* Work instruction: Omitting the pictures, restate all of the entries below exactly.

[Spatial localization data]
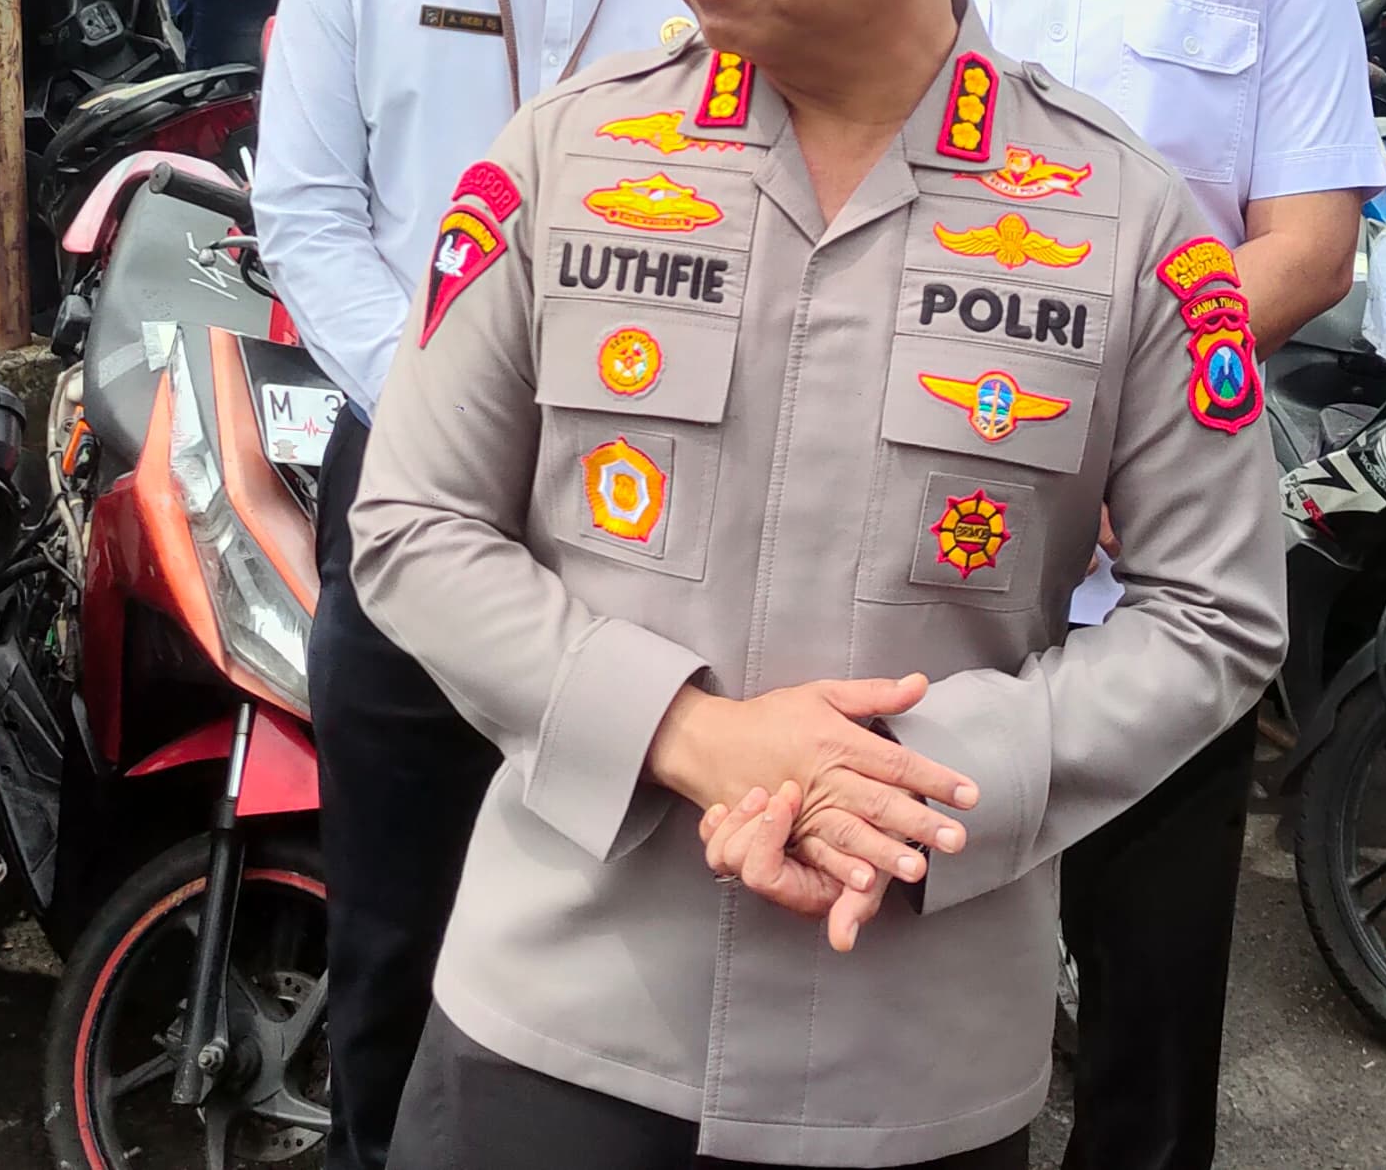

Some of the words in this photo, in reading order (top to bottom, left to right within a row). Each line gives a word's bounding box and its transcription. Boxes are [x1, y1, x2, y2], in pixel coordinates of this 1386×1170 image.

[559, 242, 729, 304] LUTHFIE
[920, 283, 1087, 349] POLRI
[1191, 297, 1219, 319] JAWA
[269, 390, 293, 422] M

* Exercise result:
Some of the words in this photo, in reading order (top to bottom, left to right within a row). Each line gives a word's bounding box and its transcription. Boxes are [x1, y1, x2, y2], in pixel coordinates of this 1386×1170 image.

[559, 242, 729, 304] LUTHFIE
[920, 283, 1087, 349] POLRI
[1191, 297, 1219, 319] JAWA
[269, 390, 293, 422] M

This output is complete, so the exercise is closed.